Girls from Chaparral Middle School learn about STEM, life as future Aggies

The Chaparral Outreach Program in Chaparral, New Mexico, began in fall 2019 with 90 girls at Chaparral Middle School. The program, created by staff members in the NMSU College of Education, encouraged girls to pursue STEM careers and higher education studies at NMSU.

In fall 2019, the Chaparral Outreach Program in Chaparral, New Mexico, kick-started the STEM Sisterhood program to encourage seventh- and eighth-grade girls to explore STEM careers and pursue their education at NMSU.

While the program was met with a successful start, the COVID-19 pandemic has brought progress to a halt. NMSU College of Education staff members Erika Acosta, Michelle Sterling-Rodriguez and Yomara Rios-Laurenzana ’19 are hopeful they can secure funding to continue the program.

The STEM Sisterhood began in November 2019 as a pilot project at Chaparral Middle School with 90 girls. However, 200 girls at the school expressed interest in participating.

“Since we were going to take the girls to in-person labs on the NMSU campus, such as the robotics lab and the flight simulation lab, we could only accommodate so many girls,” Acosta says. “We were looking into continuing the program with 2020 summer camps, but then COVID happened.”

The initial funds that made the STEM Sisterhood possible were part of legislative funding given to the Chaparral community to raise STEM awareness among teachers, students and families. The funds paid for transportation for students to the NMSU Las Cruces campus, meals at Taos and special T-shirts for the girls. The kickoff included a forum featuring a diverse group of current NMSU female students in STEM-related degrees, then continued with various hands-on workshops in the College of Education, College of Engineering and Doña Ana Community College.

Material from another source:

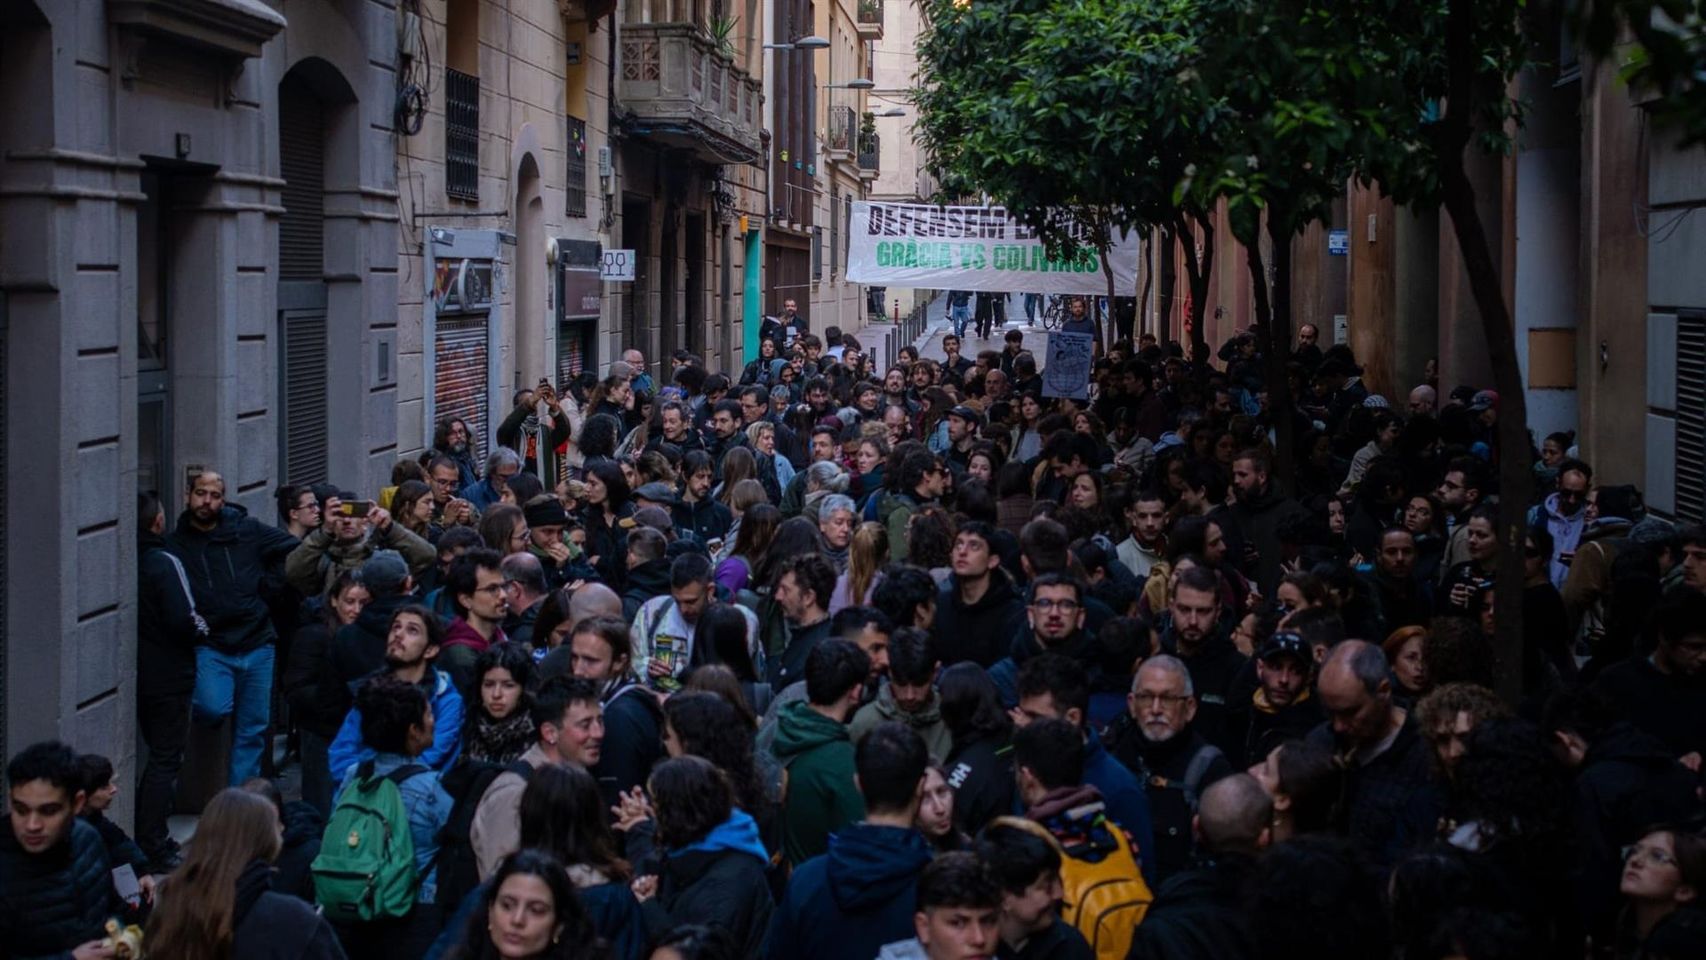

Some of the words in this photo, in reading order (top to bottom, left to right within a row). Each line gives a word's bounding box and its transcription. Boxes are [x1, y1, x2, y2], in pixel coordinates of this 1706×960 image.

[868, 205, 1005, 239] DEFENSEM
[876, 236, 952, 268] GRÀCIA
[960, 243, 986, 269] VS
[948, 762, 972, 789] HH

Members of the STEM Sisterhood at Chaparral Middle School participated in labs on the NMSU campus in fall 2019, including the robotics lab and the flight simulation lab at O’Donnell Hall. The program was poised to continue through 2020 until the COVID-19 pandemic threatened funding and participation.

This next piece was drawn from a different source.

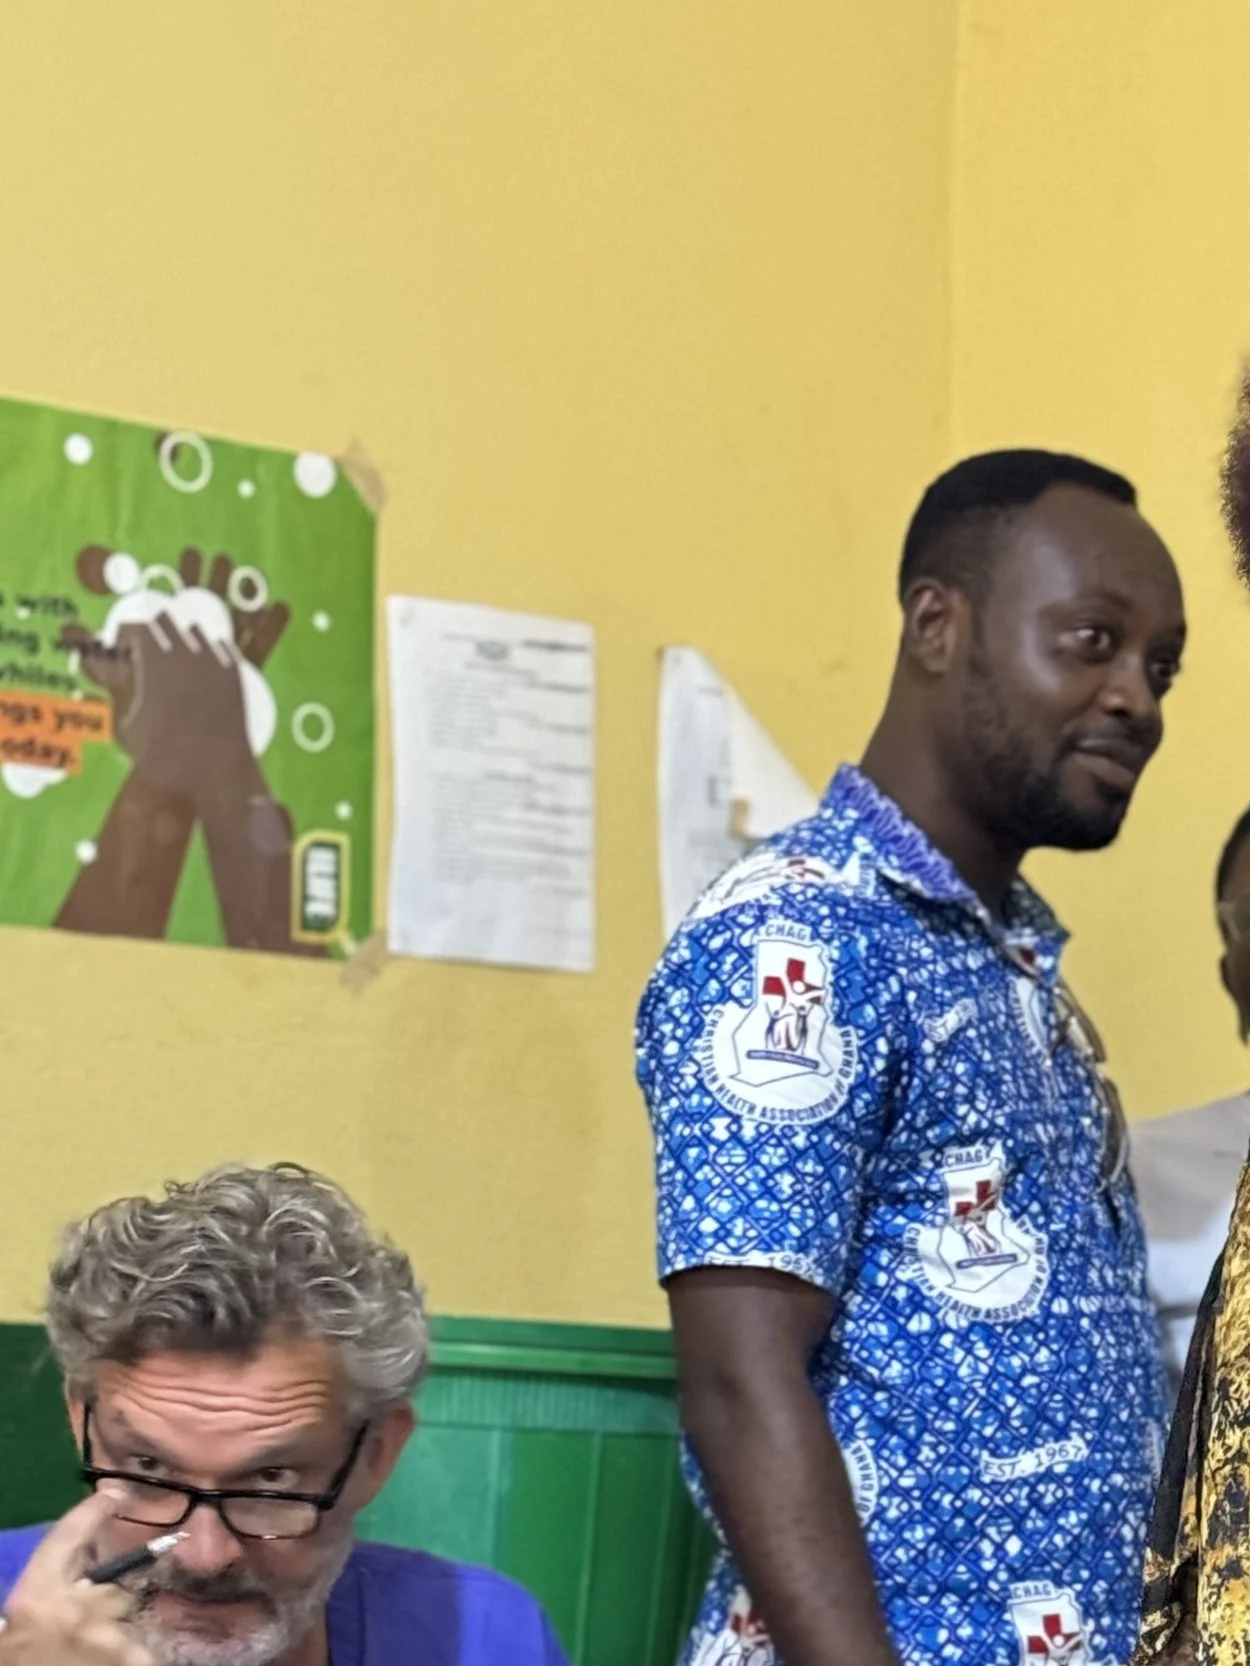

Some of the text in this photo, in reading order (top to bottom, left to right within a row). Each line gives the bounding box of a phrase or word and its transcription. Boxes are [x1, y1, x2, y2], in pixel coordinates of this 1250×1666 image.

The funding also helped the outreach program give scholarships to more than 65 Chaparral High School graduating seniors to help pay for registration and orientation fees.

“What we found in talking to the teachers is a lot of times, we don’t have the time or resources to be able to help students who need guidance with higher education and career exploration,” Acosta says. “Some of these girls had never stepped foot on a college campus before, and with this program they were able to walk around campus and see themselves as future Aggies.”

Rios-Laurenzana, who graduated with a bachelor’s degree in civil engineering from NMSU, says seeing the girls participate in the STEM Sisterhood was inspiring for her as a student.

“It was my senior year in college, and I don’t think you realize how much you need a role model to follow until you’re older,” Rios-Laurenzana says. “I think the STEM Sisterhood was an amazing example of keeping these girls moving forward as women in STEM.”